Stiamo quindi assistendo ad un nuovo modello che ricalca l’equilibrio dinamico prede-predatori? All’aumentare delle prede (disponibilità di greggio e prezzo più basso), aumenta il numero dei predatori (numero missili lanciati) che fa ridiminuire la disponibilità di greggio e risalire i prezzi? Se è così per prevedere la durata degli attacchi dobbiamo scomodare le equazioni differenziali non lineari del primo ordine di Lokta-Volterra.
Putin
Molti anni fa chiesi a mia nonna che l’aveva vissuta, di parlarmi della guerra. Mi rispose che era iniziata nel 1943. «Nonna, ti confondi. La guerra è iniziata il 10 giugno 1940, con la dichiarazione di Mussolini». «Sì sì, ma era lontana. Nel 1943 sono arrivati i tedeschi a casa nostra!»

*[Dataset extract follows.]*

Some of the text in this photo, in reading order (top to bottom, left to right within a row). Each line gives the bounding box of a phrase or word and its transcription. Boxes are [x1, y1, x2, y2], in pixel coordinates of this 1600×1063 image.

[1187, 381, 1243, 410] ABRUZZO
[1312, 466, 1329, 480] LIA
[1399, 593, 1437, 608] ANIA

Questo aneddoto mette in luce la differenza tra la guerra (e la Storia), studiata sui libri ed insegnata nelle scuole, e quella percepita dai contemporanei. La campagne in Africa, in Grecia, in Russia erano lontane, almeno finché non vi prendevano parte congiunti, mentre l’occupazione militare, i bombardamenti e la guerriglia partigiana erano molto più vicini al sentimento popolare.

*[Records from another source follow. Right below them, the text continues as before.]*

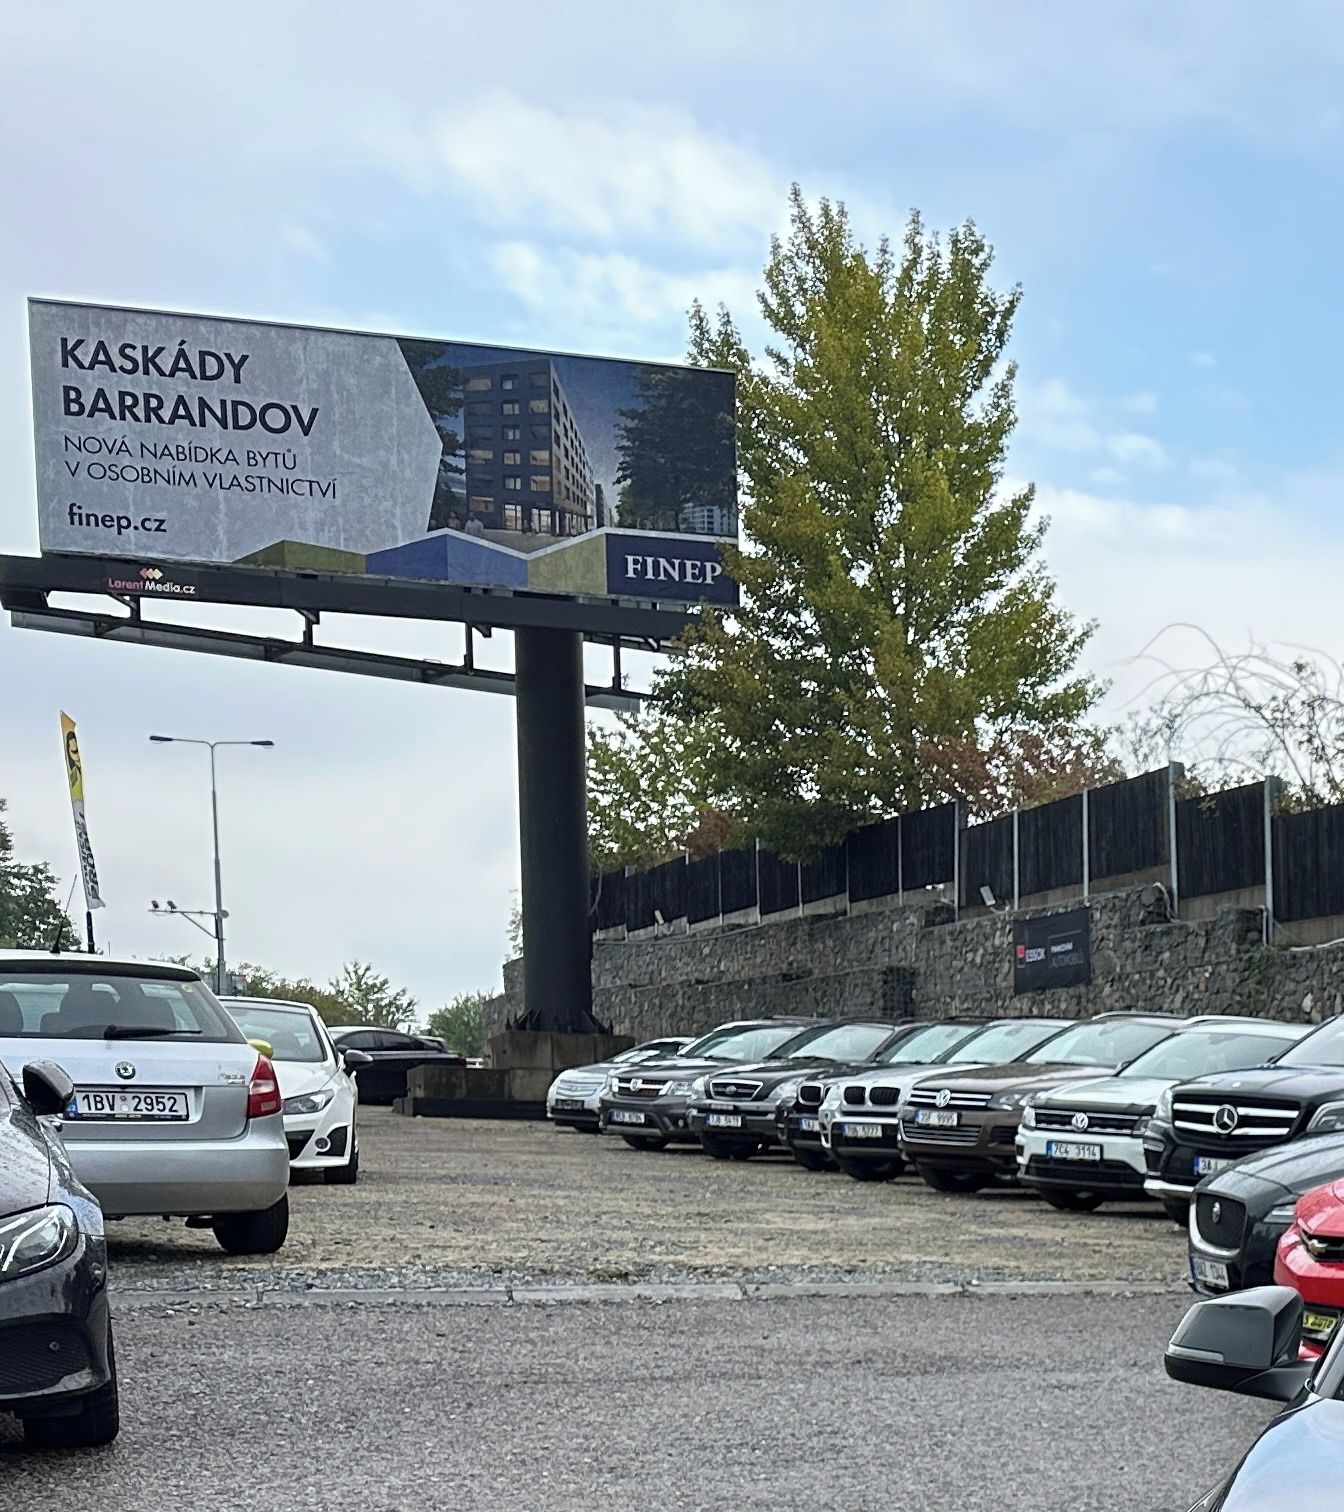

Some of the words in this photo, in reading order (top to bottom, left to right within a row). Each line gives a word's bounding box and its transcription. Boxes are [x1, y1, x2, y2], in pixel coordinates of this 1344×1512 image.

[60, 337, 249, 384] KASKÁDY
[62, 385, 319, 436] BARRANDOV
[64, 435, 133, 458] NOVÁ
[140, 441, 240, 466] NABÍDKA
[247, 448, 297, 470] BYTŮ
[65, 461, 80, 478] V
[87, 462, 197, 488] OSOBNÍM
[203, 472, 337, 499] VLASTNICTVÍ
[68, 502, 167, 535] finep.cz
[625, 554, 722, 584] FINEP
[82, 1094, 116, 1113] 1BV
[131, 1095, 179, 1113] 2952

Dopo quattro anni di guerra, le forze armate ucraine stanno colpendo sistematicamente obiettivi industriali, in territorio russo. Si stima che oltre un terzo dell’industria petrolifera e della raffinazione sia stato gravemente danneggiato e che le sanzioni riducano drasticamente la capacità di ripristino. Il primo effetto è la mancanza di carburante per la popolazione, ma il proseguire della situazione danneggia il sistema logistico, e via via ampi settori dell’economia. Dalla paralisi del trasporto merci, a difficoltà nella raccolta dei prodotti agricoli, alla urgente necessità di ricavare legna per l’inverno, sono sempre più gli aspetti della vita quotidiana della popolazione ad essere toccati. Molto più concretamente di quanto non abbiano fatto finora le sole sanzioni occidentali.
La guerra sta arrivando in Russia. Con buona pace di chi voleva dare all’Ucraina armi solo difensive! Ai danni materiali si aggiungono quelli di immagine: le dense colonne di fumo alla periferia di San Pietroburgo durante il summit internazionale voluto da Putin, non sono un bel biglietto da visita, con cui presentarsi come superpotenza agli occhi del mondo.

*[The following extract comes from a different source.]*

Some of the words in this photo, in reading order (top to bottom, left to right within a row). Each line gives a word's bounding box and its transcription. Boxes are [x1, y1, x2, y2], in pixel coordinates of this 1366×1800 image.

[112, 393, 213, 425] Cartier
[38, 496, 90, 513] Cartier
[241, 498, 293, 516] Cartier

Come ho recentemente ricordato (si veda Tutte le sconfitte della Russia) la Russia tende ad impegnarsi in guerra fino allo stremo, con la conseguenza che quando perde ha un collasso del sistema politico e quando vince lo fa con sacrifici enormi. Oggi la situazione è incerta, ma non ci sono grandi segnali di voler chiudere con accordo che congeli la situazione per come è sul campo. Presumibilmente si andrà avanti fino allo stremo. Gli oligarchi sembrano essere troppo legati e controllati dal potere del Cremlino per organizzare un cambio al vertice come quelli che misero da parte Gorbaciov e Eltsin. Tuttavia, un crescente malcontento della popolazione, potrebbe sancire la fine dell’era putiniana, iniziata ormai da più di trent’anni.
Nel 1815 fu Talleyrand ad estromettere Napoleone dopo Waterloo e ci riuscì grazie al sostegno di una classe dirigente stanca del protrarsi di un lunghissimo stato di guerra.